Markdown Version | Session Recording

Session Date/Time: 22 Jul 2025 09:30

acme

Summary

The ACME working group meeting covered document status updates, presentations on several draft proposals, and discussions regarding their direction and potential adoption. Key topics included client authentication challenges, auto-discovery of ACME servers, public key challenges, ACME RATS integration, JWT claim constraints in STIR certificates, ACME profiles and persistent DNS validation.

Key Discussion Points

• Document Status:
  • Two new RFCs published: RFC 9773 (ARI) and RFC 9799 (Onion).
  • Several drafts are in the RFC editor's queue or undergoing revisions.
• Client Authentication Challenge Types:
  • Discussion on the usefulness and implementation status of the client challenge type draft.
  • Concerns were raised about the scope and potential overlap with other drafts, particularly concerning WebAuthn.
  • Debate on whether this represents a fundamental change to ACME.
• Auto-Discovery of ACME Servers:
  • Discussion on the need for auto-discovery mechanisms for different identifier types, including those beyond DNS names.
  • The draft is looking for a new lead author who can champion adoption, especially someone from a major vendor.
• Public Key Challenges:
  • The presenter clarified that the use case in this scenario is for enterprise or campus contexts.
  • Concerns were raised about the practical necessity and security model of the proposed solution.
• ACME RATS Integration:
  • Discussion about combining the RATS process with the ACME process to improve device security.
  • Debate on where the attestation information should be placed within the Acme protocol flow (challenge vs. order payload).
• Extension of Public Key Challenges for JWT claim constraints:
  • A question was raised about handling multiple challenges with different authorities.
• Persistent DNS Validation in ACME:
  • Discussion on implementing static TXT records for DNS validation.
  • Emphasis on aligning with the CA/Browser Forum's efforts on this front.
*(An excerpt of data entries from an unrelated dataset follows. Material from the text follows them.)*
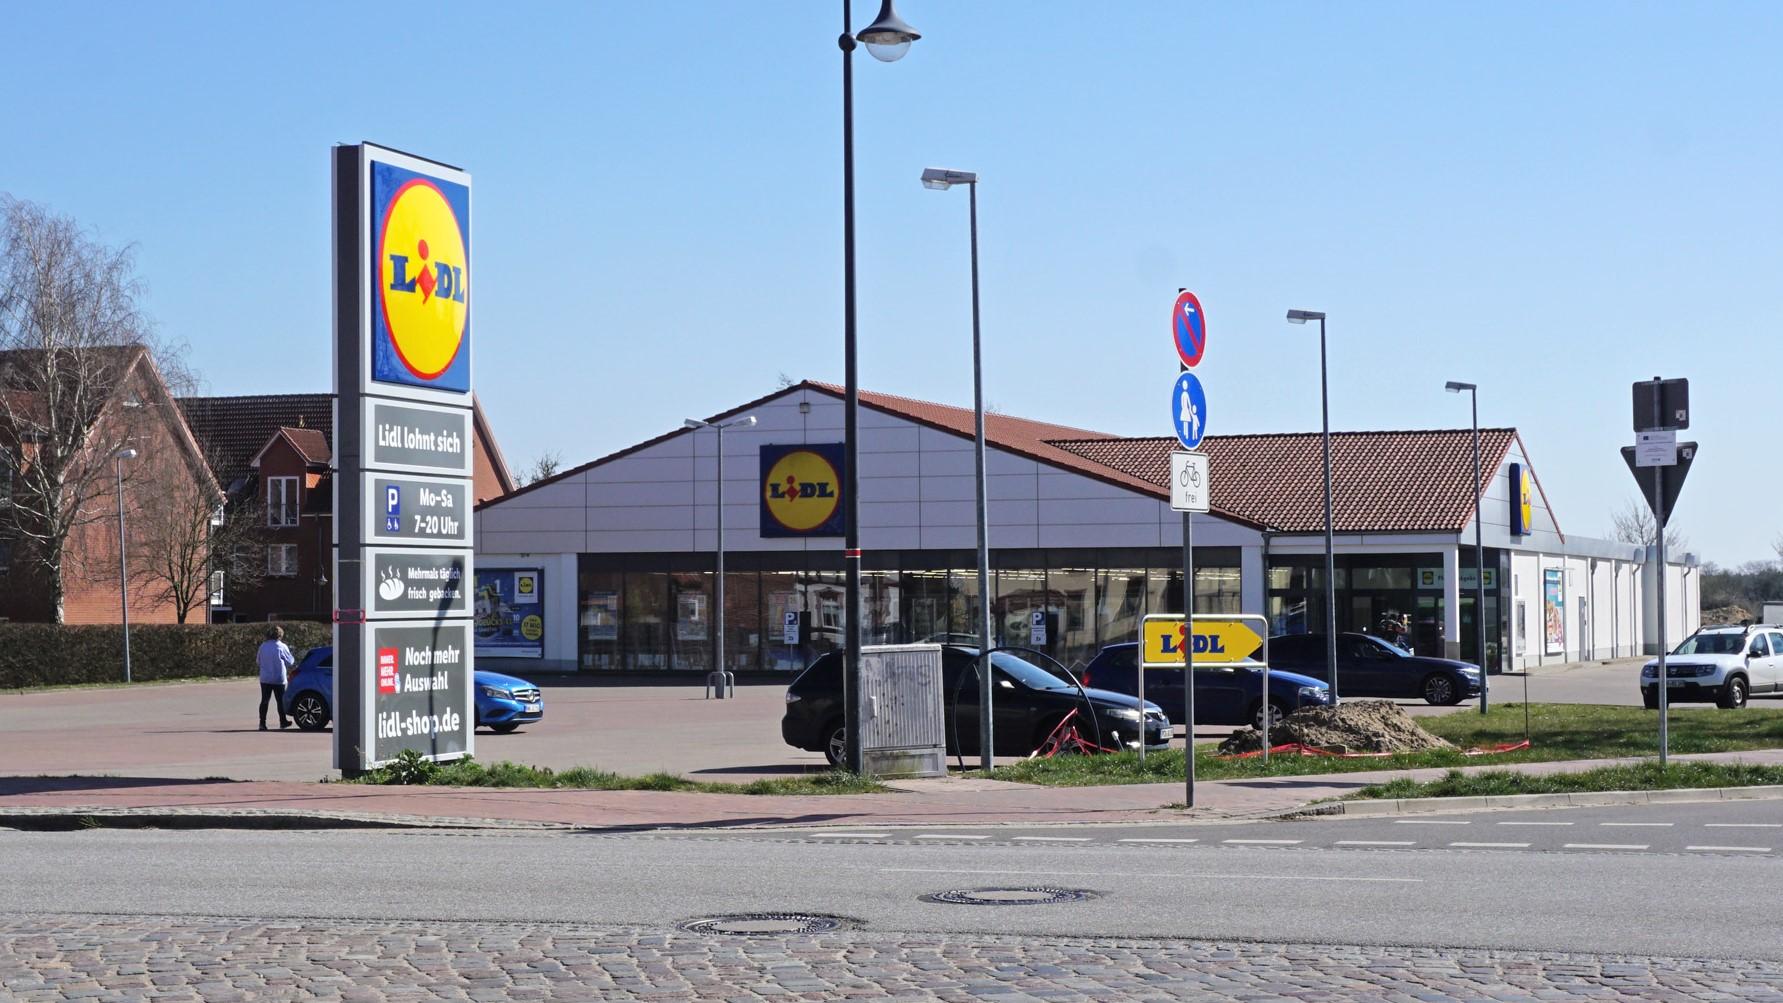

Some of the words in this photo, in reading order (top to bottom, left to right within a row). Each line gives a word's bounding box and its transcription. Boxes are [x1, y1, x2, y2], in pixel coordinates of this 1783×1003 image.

[389, 239, 465, 305] LIDL
[378, 424, 401, 448] Lidl
[404, 426, 435, 451] lohnt
[437, 430, 460, 453] sich
[419, 488, 453, 507] Mo-Sa
[769, 475, 834, 502] LIDL
[1185, 491, 1198, 504] frei
[387, 488, 398, 512] P
[414, 515, 438, 533] 7-20
[441, 516, 459, 535] Uhr
[408, 567, 438, 579] Mehrmals
[440, 567, 460, 582] täglich
[408, 586, 427, 599] frisch
[405, 646, 432, 666] Noch
[433, 645, 460, 664] mehr
[404, 670, 448, 693] Auswahl
[378, 706, 460, 739] lidl-shop.de
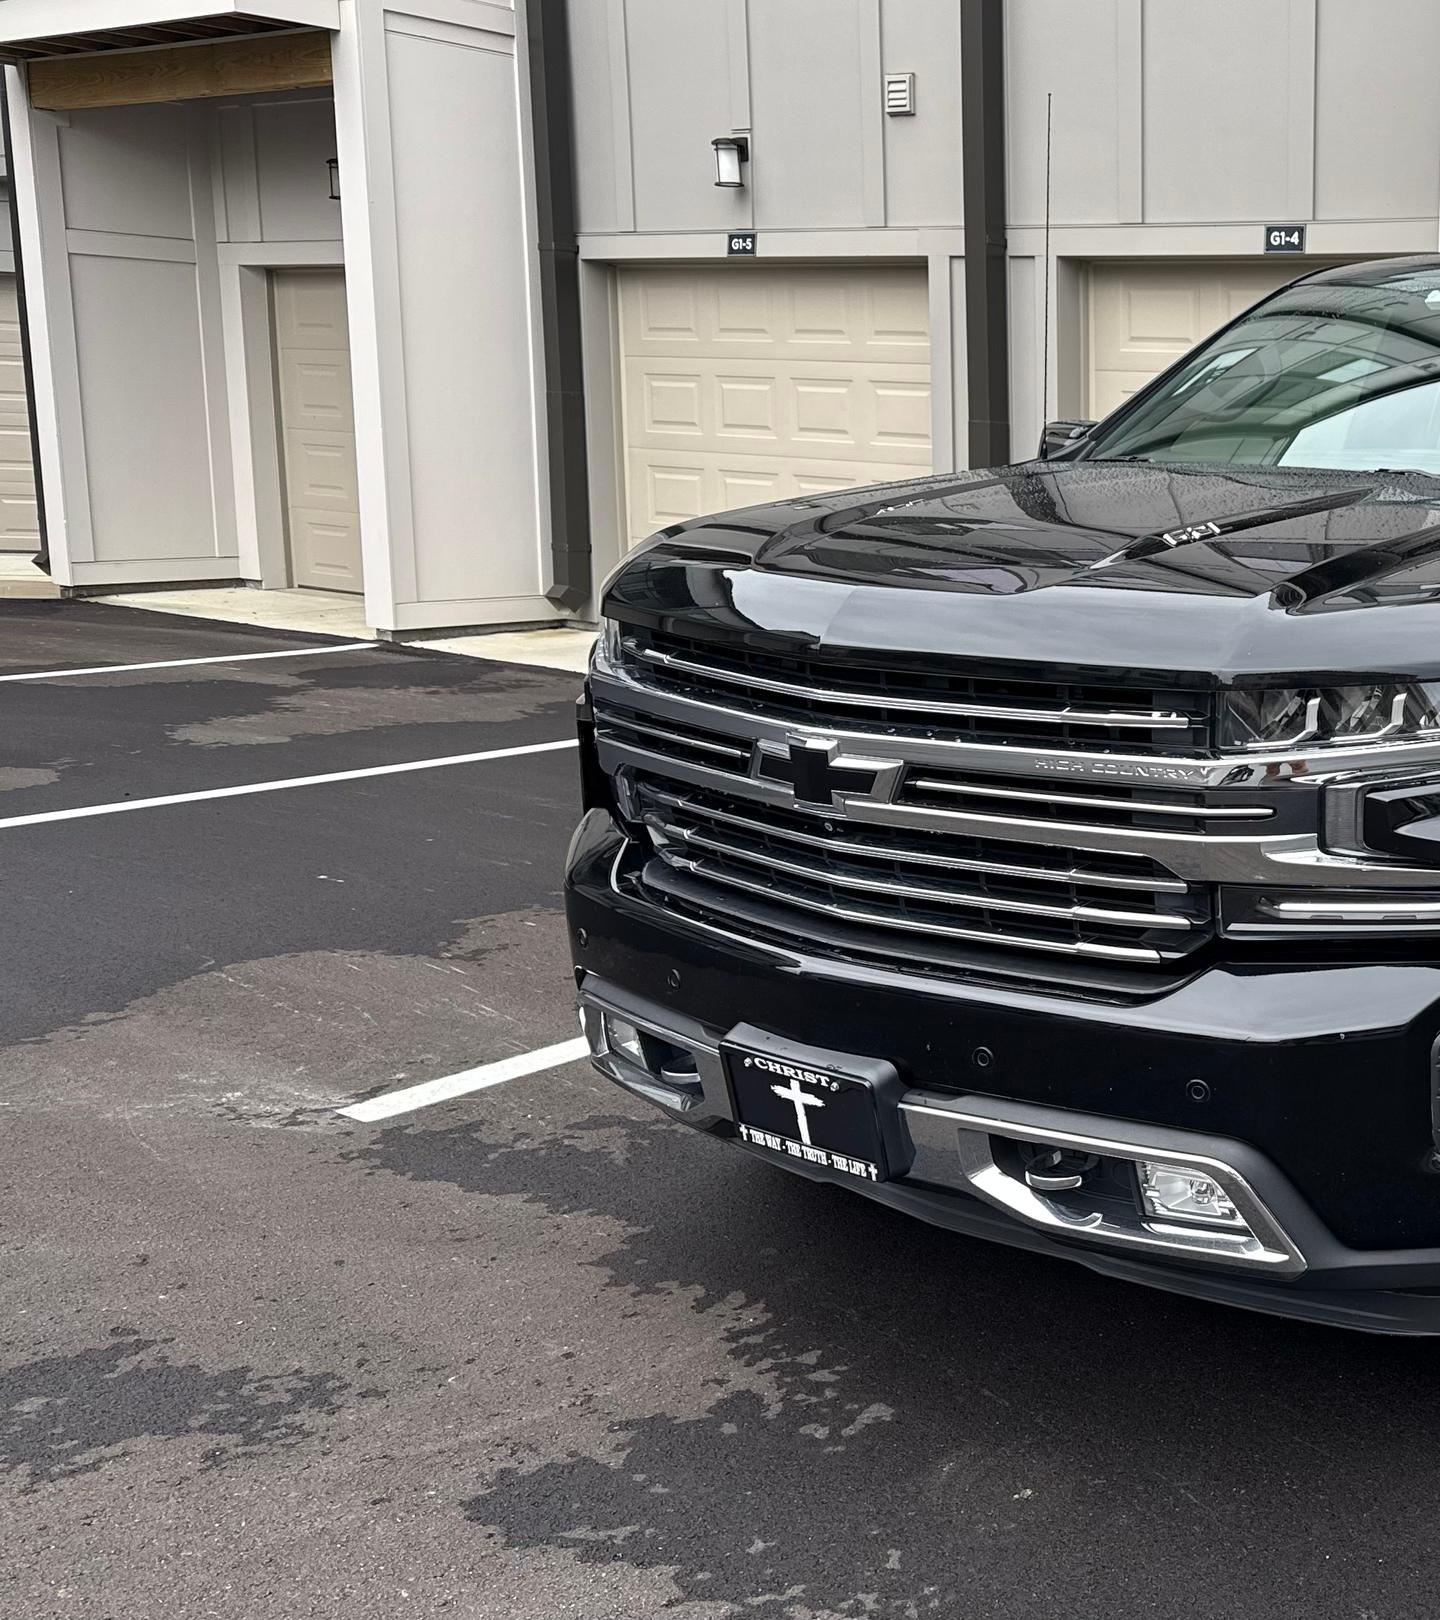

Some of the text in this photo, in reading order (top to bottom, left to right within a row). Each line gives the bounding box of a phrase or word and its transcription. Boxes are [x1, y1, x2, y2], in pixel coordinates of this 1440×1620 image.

[731, 238, 752, 250] G1-5
[1270, 231, 1300, 246] G1-4
[754, 1057, 830, 1087] CHRIST
[750, 1130, 867, 1176] THE WAY THE TRUTH THE LIFE
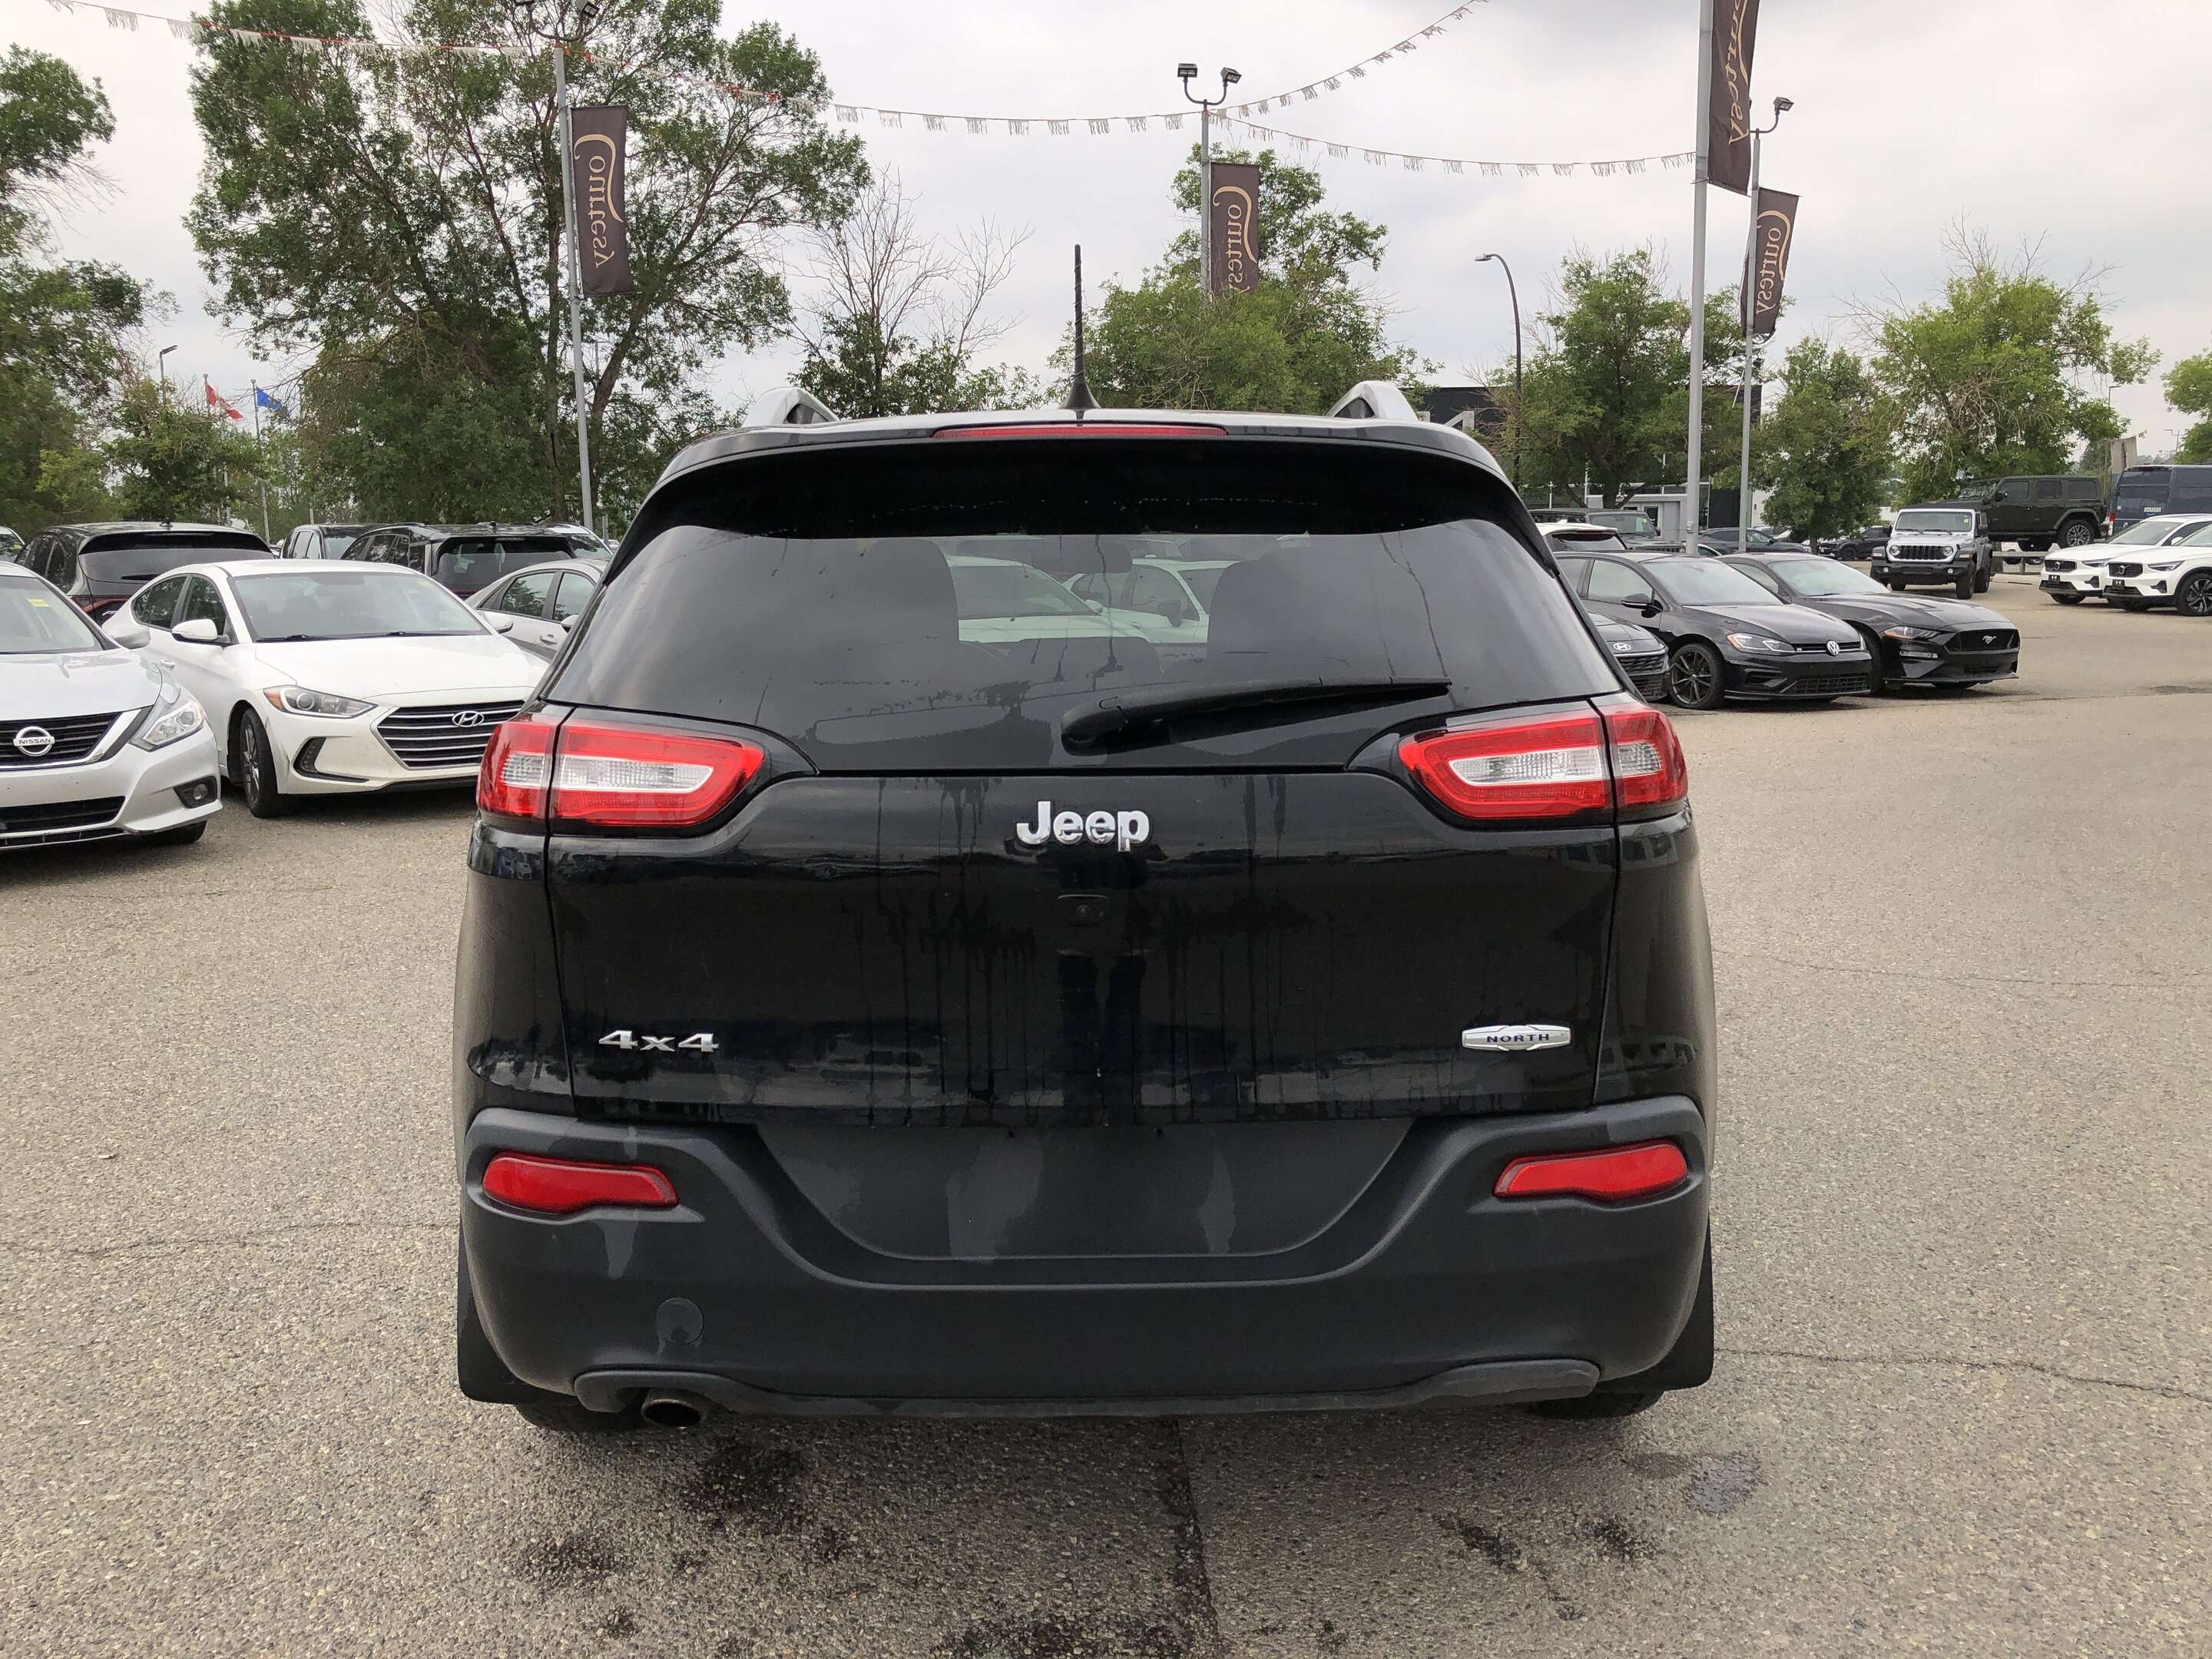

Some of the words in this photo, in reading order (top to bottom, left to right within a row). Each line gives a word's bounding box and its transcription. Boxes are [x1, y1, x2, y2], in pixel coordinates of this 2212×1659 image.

[1015, 800, 1151, 853] Jeep
[598, 1030, 720, 1053] 4x4
[1486, 1034, 1549, 1043] NORTH
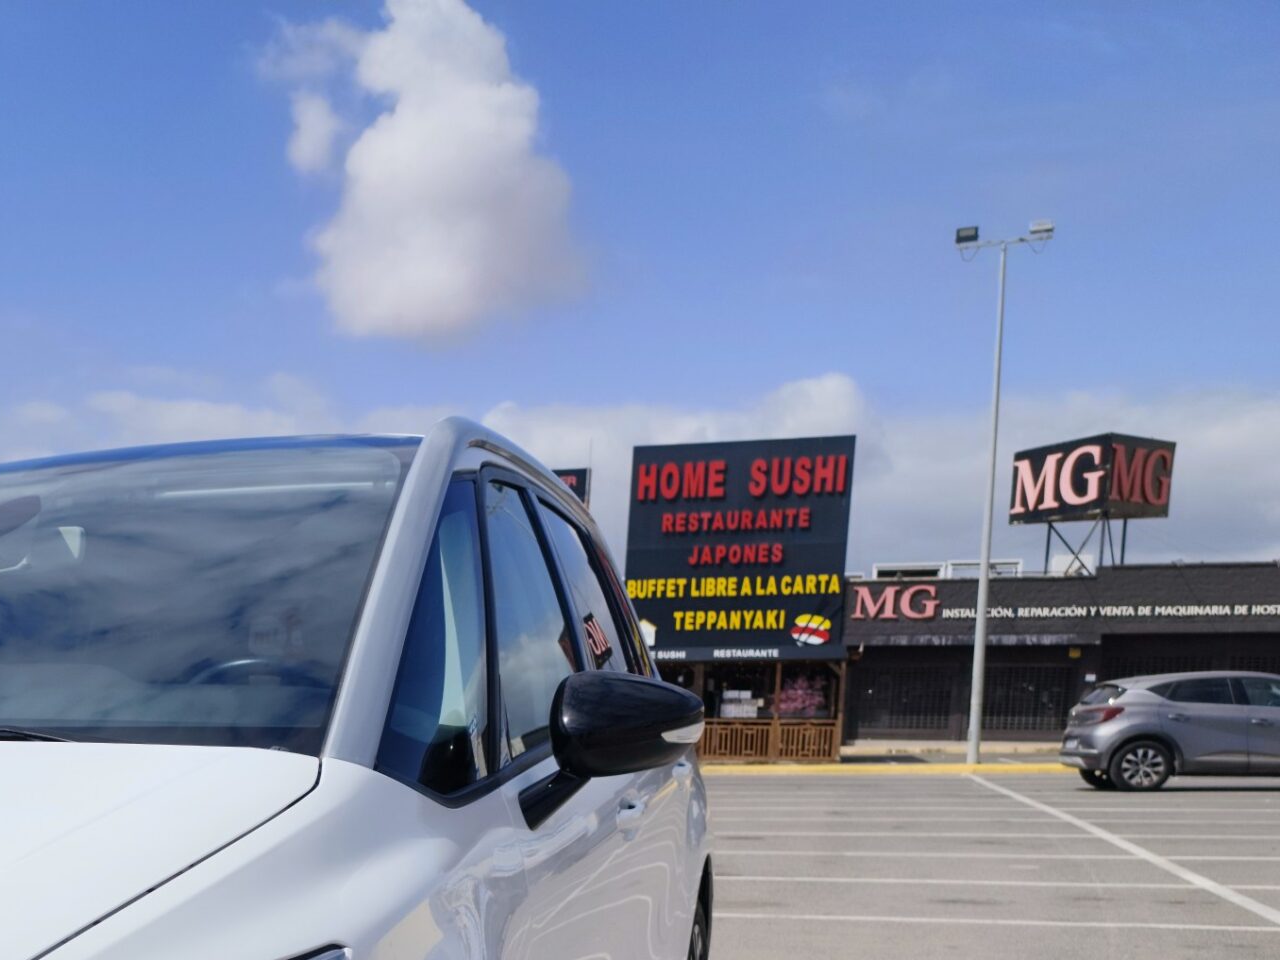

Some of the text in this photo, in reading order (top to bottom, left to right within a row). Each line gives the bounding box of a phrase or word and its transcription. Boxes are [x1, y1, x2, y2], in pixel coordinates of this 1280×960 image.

[637, 456, 847, 500] HOME SUSHI
[1010, 445, 1105, 514] MG
[1109, 443, 1171, 505] MG
[662, 509, 810, 532] RESTAURANTE
[688, 544, 783, 565] JAPONES
[626, 574, 841, 600] BUFFET LIBRE A LA CARTA
[851, 585, 940, 619] MG
[942, 607, 1015, 619] INSTALCIÓN,
[1017, 604, 1087, 618] REPARACIÓN
[1089, 606, 1099, 617] Y
[1099, 606, 1135, 616] VENTA
[1138, 606, 1152, 616] DE
[1154, 605, 1231, 618] MAQUINARIA
[1234, 605, 1248, 615] DE
[673, 609, 786, 631] TEPPANYAKI
[657, 651, 686, 660] SUSHI
[713, 649, 780, 659] RESTAURANTE
Decisions and Action Items

• Client Authentication Challenge Types: Kathleen will address the feedback and decide whether a new draft should be uploaded. Chairs to start a mailing list thread on this.
• Auto-Discovery of ACME Servers: Mike is looking for someone from a CA or CSP to take lead of this draft.
• ACME RATS Integration: Discuss placing attestation result into the order payload in the main list.

Next Steps

• Continue discussion of open issues on the mailing list.
• Coordinate efforts on similar drafts (e.g., client authentication challenges, persistent DNS validation) to avoid duplication and ensure alignment.
• Continue the Akimirat design team meeting to discuss design and potentially call for adoption in Montreal.